Sonntag, 6. Dezember 2015

Metafiziğin dayanılmaz uyuşturucu hali

Dünya dışında birşeyin olduğunu zannedip, tüm gücü ona vermek insanı uyuşturur ve onu teslimiyetçi yapar. Tek amaç dayanılmaz dünya hayatından kurtulup onu aşmak olacaktır. Bu nedenle dünyada yapılan hamleler önemsiz sayılacaktır. Dünyayı aşmak için dünya dışı bir varsayımda bulunmak ve varsayımı harfi harfine yerine getirmeye çalışmakla amaçlanan hedef gerçekleşemez. Beden burada zihin başka bir yerde olduğu zaman insan bölünmüşlük yaşar. İstenilen bütünlüğü acı çektiği hayattan kurtulmak için istese de, uygulama aslında zihni vücuttan böler. İkisi aynı zaman ve mekanda yaşamaz. Zihin vücudun halinden, vücud da zihnin halinden anlamaz.
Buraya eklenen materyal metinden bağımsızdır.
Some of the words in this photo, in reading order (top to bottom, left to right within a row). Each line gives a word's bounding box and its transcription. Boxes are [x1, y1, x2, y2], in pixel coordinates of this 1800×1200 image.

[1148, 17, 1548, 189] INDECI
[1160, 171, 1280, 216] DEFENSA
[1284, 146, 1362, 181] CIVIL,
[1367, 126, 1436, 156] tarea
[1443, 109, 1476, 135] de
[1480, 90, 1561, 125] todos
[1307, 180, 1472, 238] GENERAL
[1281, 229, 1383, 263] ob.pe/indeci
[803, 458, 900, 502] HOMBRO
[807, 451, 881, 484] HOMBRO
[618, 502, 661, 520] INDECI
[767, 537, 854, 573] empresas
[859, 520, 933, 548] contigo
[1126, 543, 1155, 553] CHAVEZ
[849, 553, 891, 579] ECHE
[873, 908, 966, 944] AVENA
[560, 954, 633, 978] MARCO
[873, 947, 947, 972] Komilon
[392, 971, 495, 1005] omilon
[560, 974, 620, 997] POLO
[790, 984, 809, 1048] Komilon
Aslında aşılması gereken başka bir dünya yoktur. Tek bir dünya vardır, o da yaşadığımız dünyadır. Bu dünyayı yaratıcılıkla aşmak mümkündür, pasif kalıp yarattığınız dinozorun tutsağı olarak değil. Sınırları aşmak ancak ve ancak bu kalıpların farkına varıp dönüşüm sağlayabileceği zaman gerçekleşebilir. En büyük aşı bu nedenle sanattır. İnsan ancak ve ancak yaratıcı olduğu zaman kendi kalıbını aşar.

Tarihte bazı sıçramalar görülür, bu sıçramalar sadece ondan kısa bir zaman sonra aşı olur. Zaman arttıkça bu aşı bir yük, bir ağırlık olmaya başlar, taa ki insanlar ilk sıçramanın ruhunu harfi harfine getirmeye başlayıncaya kadar. Gerçek bir aşı şekil almaya başladıktan sonra kristalleşir, bu uyulması gereken yasa haline dönüşür. Ne zaman dönüşüm kristal haline gelir, işte o zaman uyuşturucu olmaya başlar. Aşı sabitleştiği andan itibaren asıl ruhunu unutur.
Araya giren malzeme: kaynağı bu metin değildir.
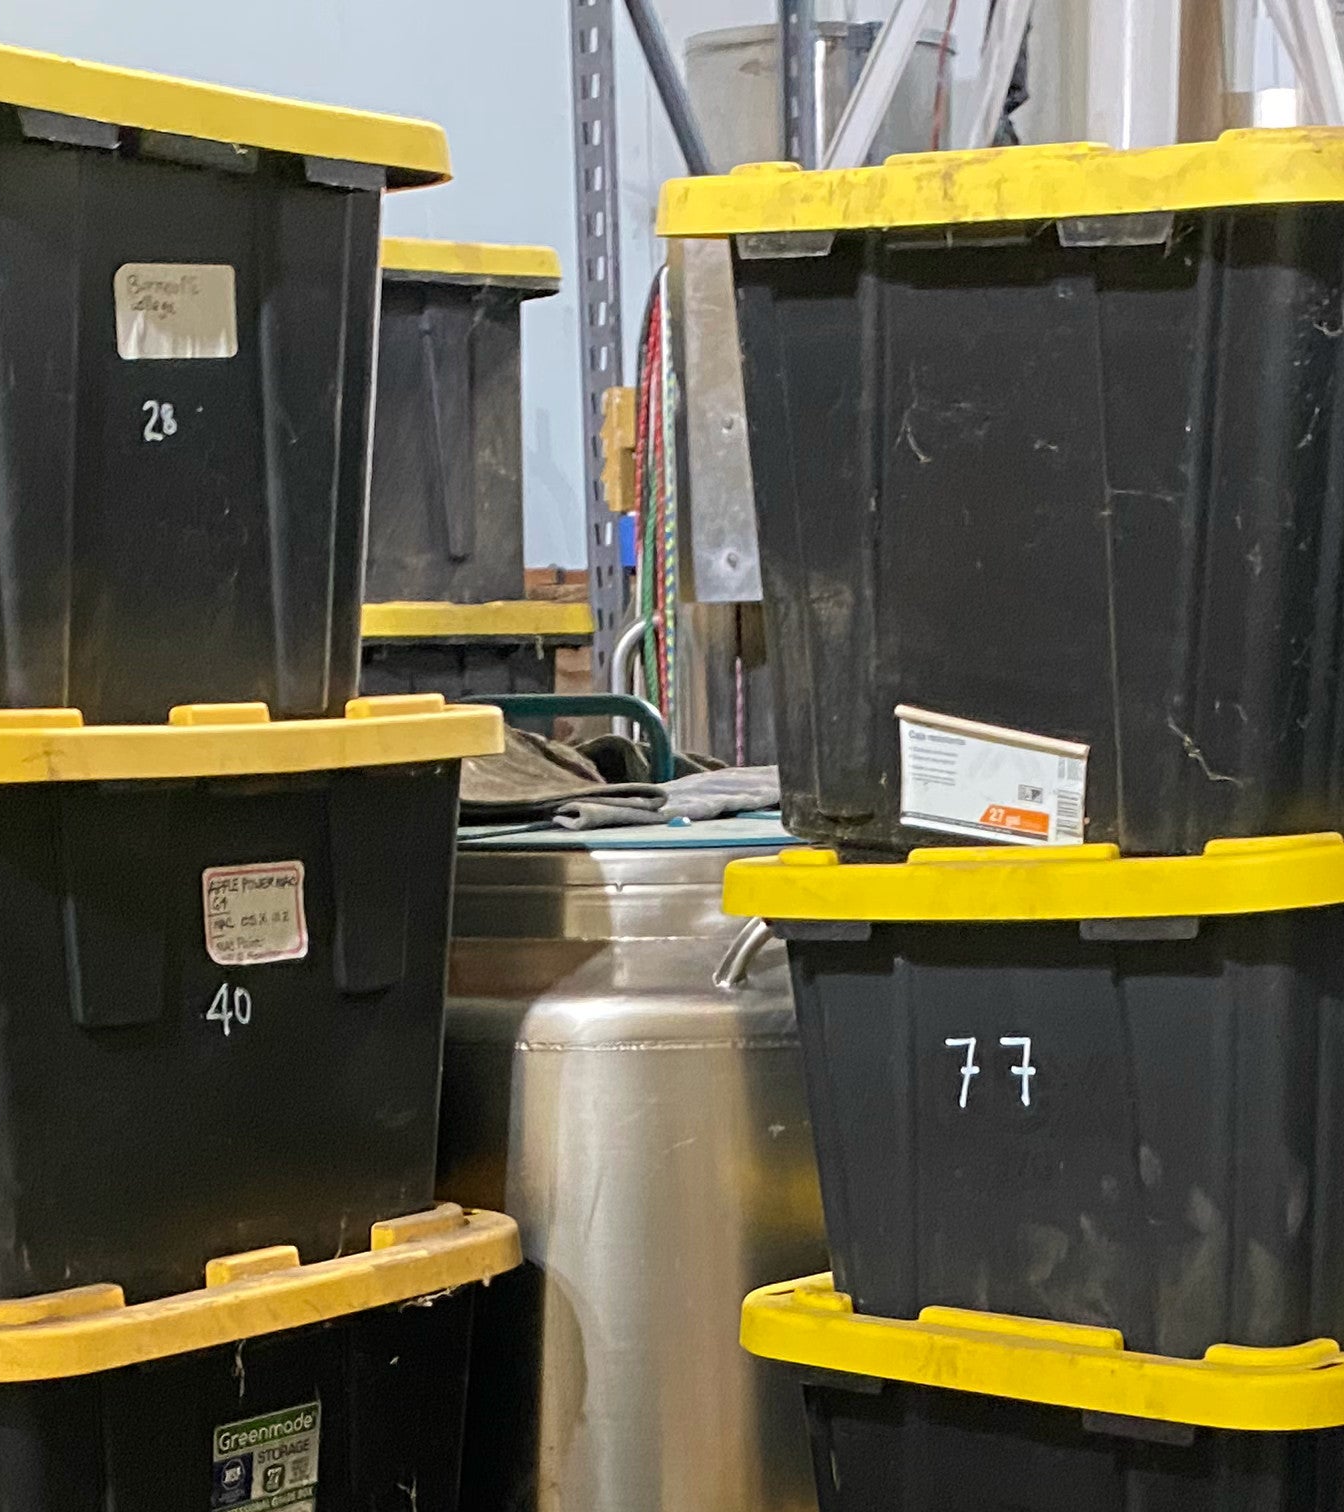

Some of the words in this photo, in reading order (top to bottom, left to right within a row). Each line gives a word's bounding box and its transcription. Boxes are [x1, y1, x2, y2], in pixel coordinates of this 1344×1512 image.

[143, 400, 178, 442] 28
[206, 982, 252, 1036] 40
[945, 1036, 1036, 1108] 77
[256, 1439, 311, 1464] STORAGE
Sürekli aşı ancak ve ancak oyunda olur. Oyun sabitleşmiş olguları kırmanın en iyi yoludur. Oyunun doruk noktası sanatçı ve şairlerde görülür. Onlar var olan şeyi tekrar tekrar değişik konumlarda örer, var olanın dışına çıkma yolu ararlar. Ne zaman akan sular durur ise, kristalleşir ve yük oluşturur.

4 Kommentare:

  1. Sibel Atasoy: Genel anlamda bu fikrini desteklesem de kapanış cümleni anlayamadım: "Oyun sabitleşmiş olguları kırmanın en iyi yoludur. Oyunun doruk noktası sanatçı ve şairlerde görülür. Onlar var olan şeyi tekrar tekrar değişik konumlarda örer, var olanın dışına çıkma yolu ararlar. Ne zaman bu kısır döngü durur ise, kristalleşir ve yük oluşturur." diyorsun, yani sanatçı ve şairlerin yaptığı kısır döngü mü sence? Ve kısır döngüyü ne anlamda kullanıyorsun? (seneler içinde bazı türkçe sözcük ve kavramları bizden farklı kullandığına şahit olduğum için soruyorum), Kristalleşmek nedir? Yük oluşmak nedir? Kimin ya da neyin yüküdür bu?

    AntwortenLöschen
    Antworten
    1. Turan Erdal: Şairler ve sanatçılar oyun oynadıkları için o kısır döngüyü, yani zamanın kristalleşmiş halini kiriyorlar. Sen bir önceki yazında kristallesmeye "somut" demiştin. Akan birşeyin önüne bir set çekersek, o kristalleşir ve sonunda yük olur, çünkü asıl amaç set çekme gibi bir yanılgıya kapılır.

      Löschen
  2. "Metafizik" felsefi bir kavram olarak değil, yaygın şekilde görüşü ile anlaşılmış. Halbuki metafizik felsefi anlamda, dünyanın ötesinde dışsal bir öte dünya fikri değil, bu dünyaya içkin, bu dünyayı mümkün kılan "fiziğin temeli"dir. Ötesi değil.

    AntwortenLöschen
    Antworten
    1. Fizigin temeli yine de fizigin disinda degil mi?
      Degerli yorumunuz icin tesekkürler.